Patronal 150: A sermon by The Very Rev’d Frank Nelson

Psalm 145: 1- 10
Sirach 44: 1- 15
1 Corinthians 3: 10 – 17

It’s been quite a time – this Festival 150 weekend as we have marked the one hundred and fiftieth anniversary of the laying of the foundation stone of St Peter’s Cathedral by Bishop Augustus Short. It began earlier in the week when I fetched Short’s funerary hatchment – seen hanging down there on the south wall. Being ignorant of what a hatchment is it was like an unexpected birthday present not knowing what would be under the thick folds of bubble wrap. We are indebted to Mrs Doff Short, widow of Henry Short, the last known male “Short” descendent of the good Bishop. And then, like the party cake that hasn’t yet arrived, there was my anxiety as the week went on and the commemoration stone still had not arrived. Several unanswered phone calls finally established that the stone engraver was ill and in hospital. “Don’t worry, he assured us. All will be well. I’ll have it in place.”

Thursday came, Friday came, Saturday morning came – still no sign of the stone. Finally in pouring rain late yesterday afternoon the stone arrived, ready to be dropped into place once the pavers were lifted out of their bed of sand. Only – the bed of sand turned out to be solid concrete. Three hours later, with the Port footy game opposite well underway, the stone was finally in place – ready for the Governor to unveil this morning!

Celebrations – those times when family and friends gather – are times for stories. Stories told about the person or event being celebrated. Stories that sometimes grow in the telling, or become sanitised of those things we’d rather not remember.

Speaking at the early morning Eucharist here last Thursday Bishop Chris suggested there are two types of stories in families – the parent stories, and the grandparent stories. Parent stories go something like this: Parent to child, “We had it tough. My bedroom had to be tidy at all times, we only ever had bread and jam for school lunches, and, at age 16, a night-time curfew of 10pm.” Grandparent stories goes more like this: Grandparent to child in front of grandchild, “You’d never guess that your father – look at him in his priest’s robes – was lucky the shop-keeper did not press charges over those ice-creams found in his pockets! Your grandmother was forever nagging him about tidying up his room, getting on with music practice or turning down the volume of the latest hit-single. And do you know, after driving around for hours in the wee small hours, frantically searching for your dad who had gone off with his scouting friends, I eventually returned home to find him fast asleep on the couch, reeking of cheap wine.”

I never had the privilege of having grandparents alive long enough to tell me these stories. But I do remember well having to ‘correct’ the stories told by my sisters to our fifteen year old daughter when she returned from a summer holiday spent with her overseas aunts. The reality is seldom as nice and tidy as we would like it to be.
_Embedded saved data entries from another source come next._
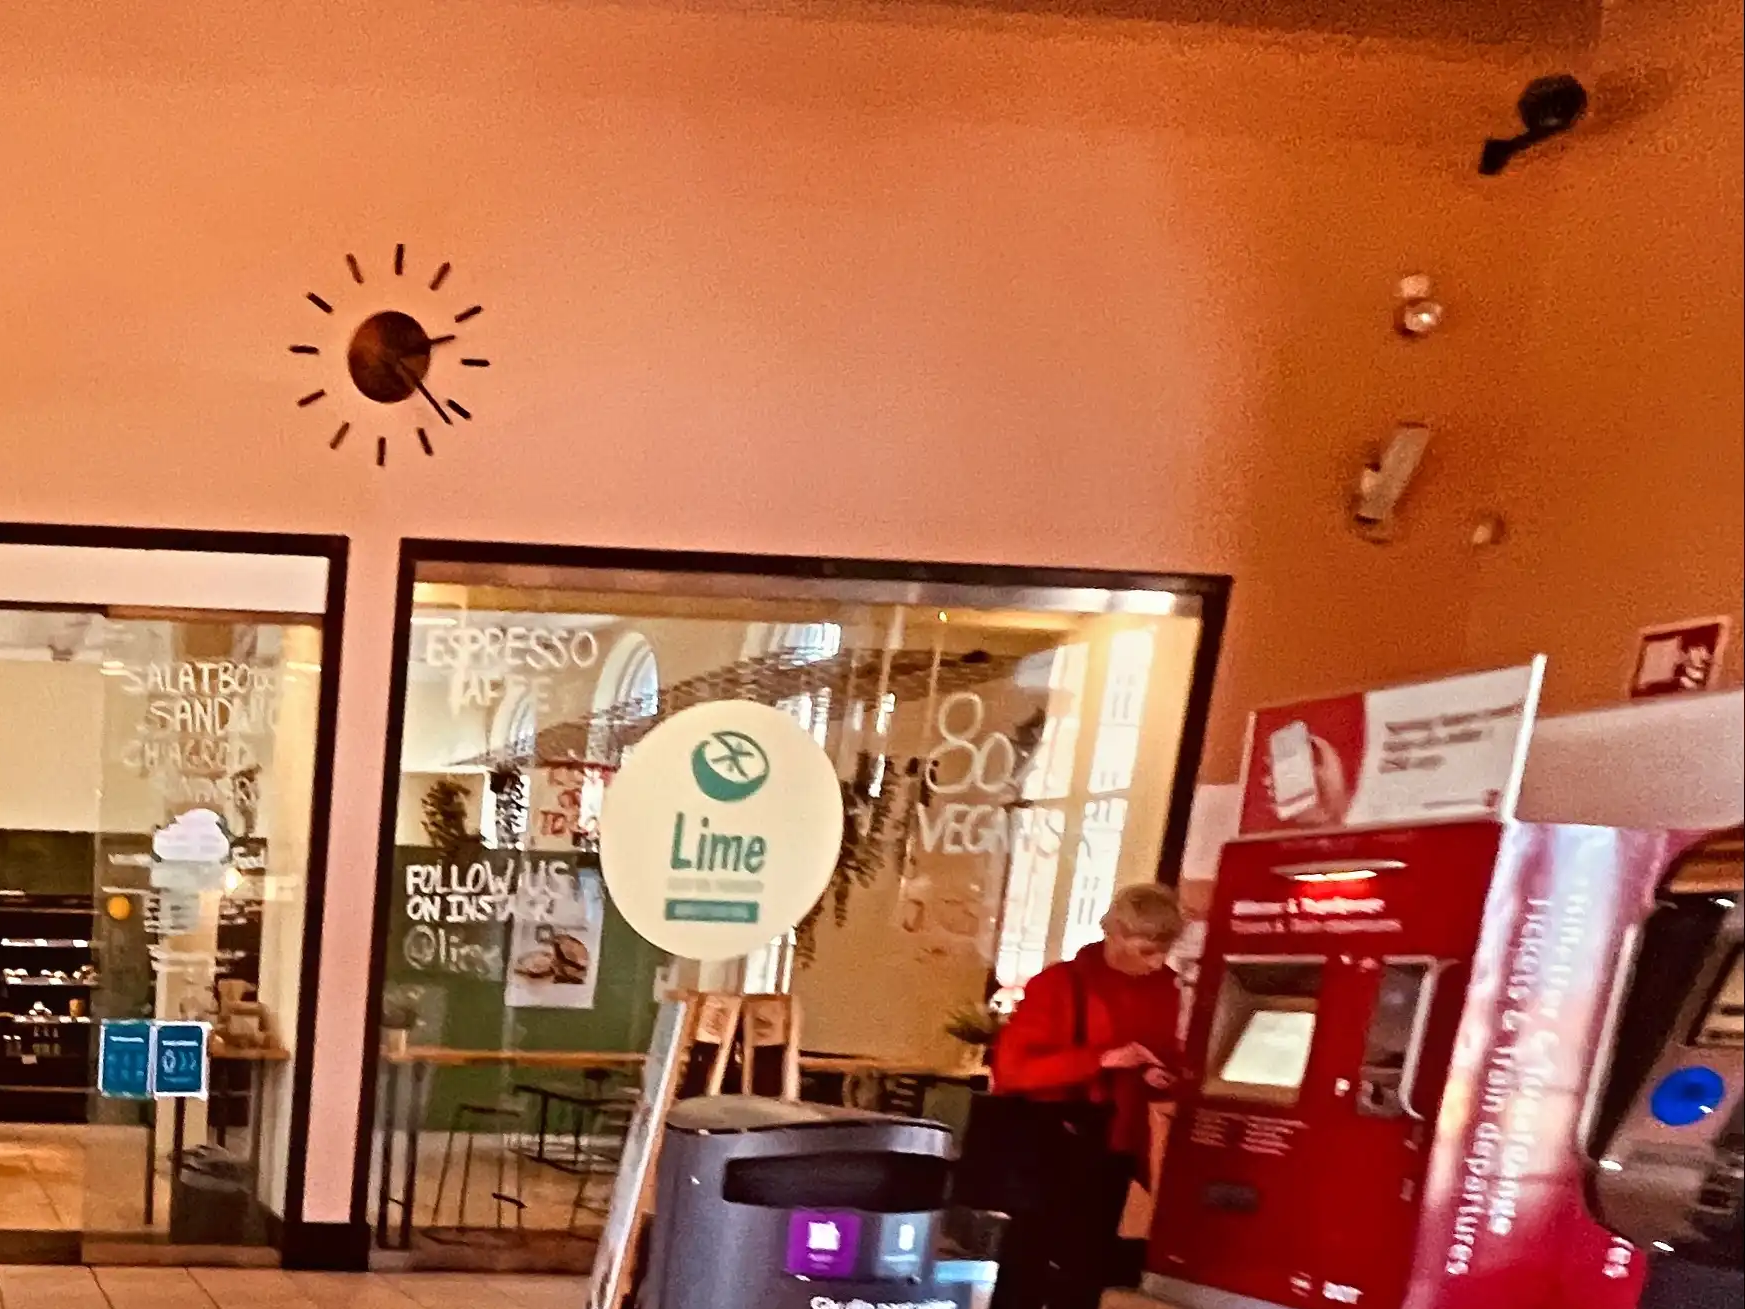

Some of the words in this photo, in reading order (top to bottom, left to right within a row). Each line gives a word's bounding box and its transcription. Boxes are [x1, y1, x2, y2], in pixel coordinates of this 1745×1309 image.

[425, 626, 599, 669] ESPRESSO
[670, 811, 767, 874] Lime
[406, 857, 515, 896] FOLLOW
[406, 894, 443, 922] ON
[1444, 1121, 1504, 1275] departures
The paper record, the bare facts recorded in Cathedral Council, Synod or other minutes are baldly stated – the final outcome of many hours of discussion, sometimes bitter and accusatory.
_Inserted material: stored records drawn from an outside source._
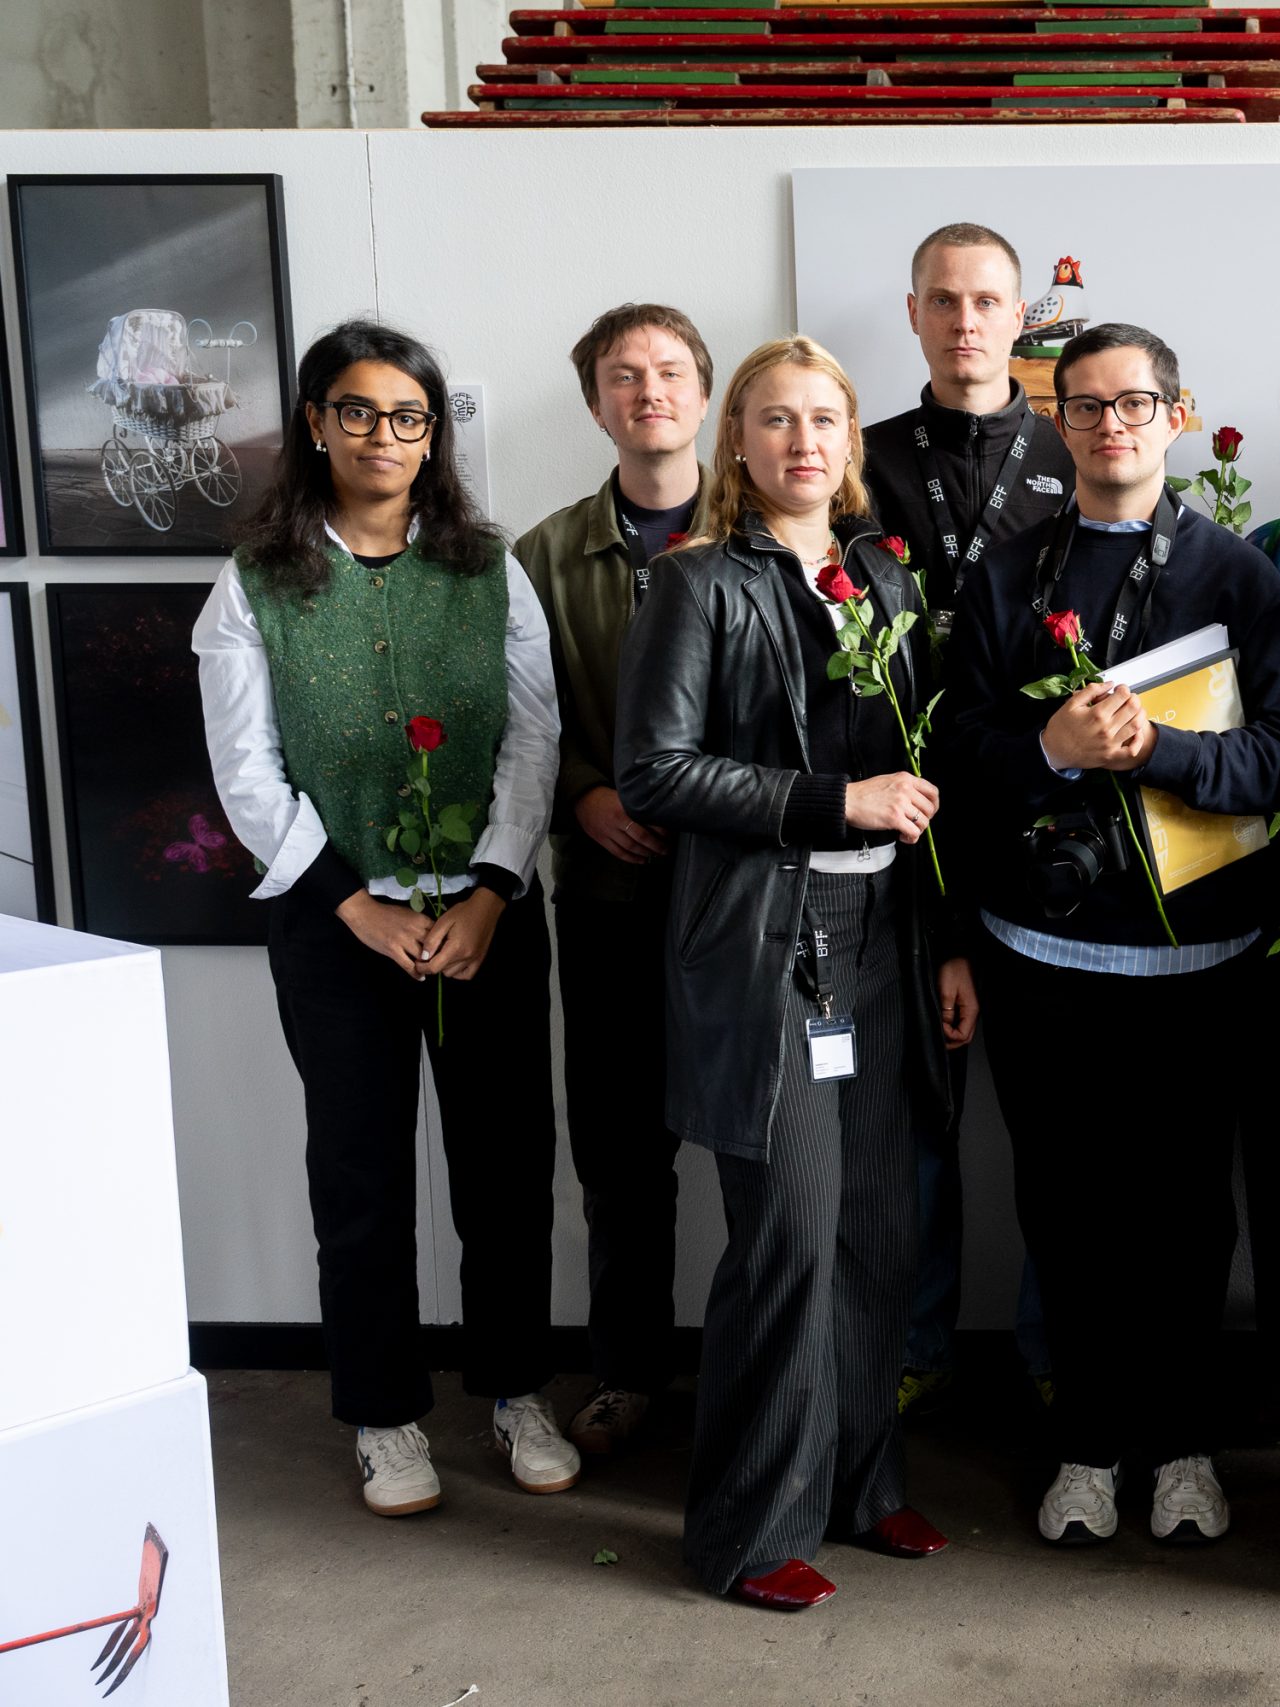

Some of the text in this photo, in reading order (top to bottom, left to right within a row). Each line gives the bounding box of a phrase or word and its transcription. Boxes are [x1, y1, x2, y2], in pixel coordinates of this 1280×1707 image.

[914, 425, 930, 449] BFF
[1010, 434, 1029, 460] BFF
[927, 478, 945, 503] BFF
[1026, 478, 1052, 488] NORTH
[1033, 485, 1052, 494] FACE
[1037, 474, 1052, 483] THE
[989, 484, 1008, 510] BFF
[943, 534, 960, 559] BFF
[966, 536, 986, 563] BFF
[1129, 556, 1150, 581] BFF
[1111, 612, 1128, 641] BFF
[815, 930, 829, 957] BFF
Not even the most carefully researched book by a Michael Whiting on a Bishop Short can possibly tell the whole story of a person’s life. The wonderful old photos we have dug up in the archives and posted to the Cathedral’s facebook pages in recent months, or those you see around you on display tonight, the written words, the masterful pen strokes, the view through a camera lens, memory stories captured in writing – these give a snapshot of a moment in the history of a building, a people.

Never the whole story. For that – we need the grandparent version. The stories our Cathedral welcomers hear when visitors come in on a rainy day and talk about how their great grandfather was a stone mason or roofer who cut his teeth on the Cathedral; the sort of stories that came out following Friday’s live ABC Radio broadcast from the nave platform – when David Bevan invited people to text or email their stories about St Peter’s Cathedral.
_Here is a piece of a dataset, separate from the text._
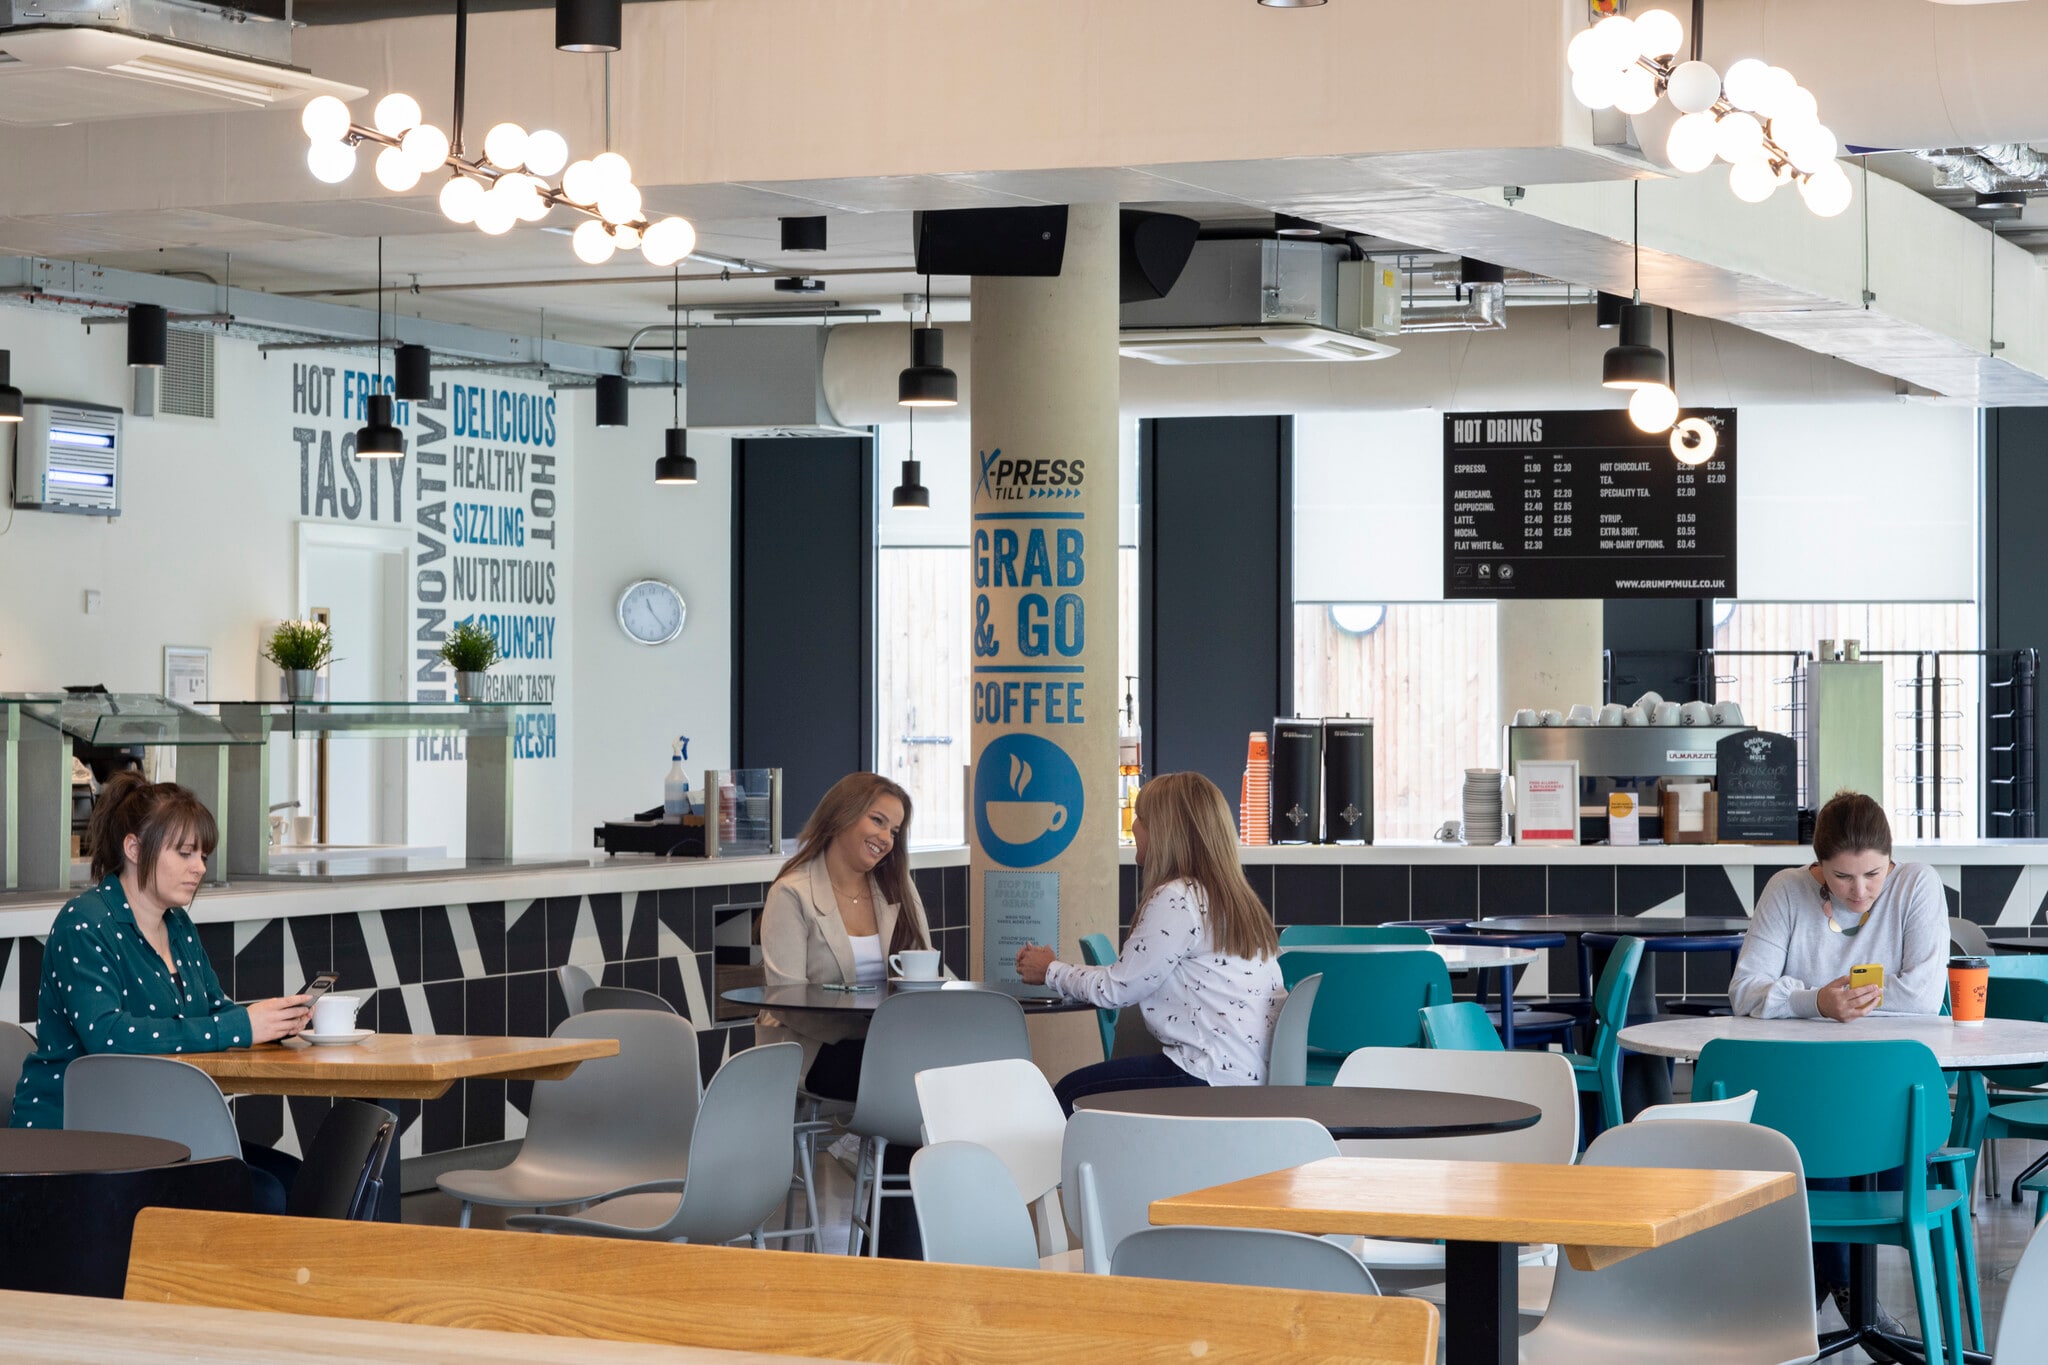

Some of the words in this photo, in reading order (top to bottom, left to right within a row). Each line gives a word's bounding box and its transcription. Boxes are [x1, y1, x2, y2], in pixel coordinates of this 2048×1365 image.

The difference between these two types of stories is rather like the writings of Sirach compared to those of St Paul. Tonight’s reading from Sirach, Ecclesiasticus 44, offers a litany of the achievements of the great and famous. We have that sort of story in our Cathedral records, engraved in wood and stone and silver in this building – on the pews you are sitting on, the chalices we used this morning, even the lectern from which Canons William and Mara read tonight. Paul, I often think, was a bit more honest – the real messy life of a congregation is more evident in his writings, the scrappy one-upmanship arguments that so bedevil churches, the petty jealousies over flowers and who sits where or walks behind or in front of whom in procession. Over the years these are ironed out and largely forgotten, or, like a good grandparent story, told to future generations slightly tongue in cheek.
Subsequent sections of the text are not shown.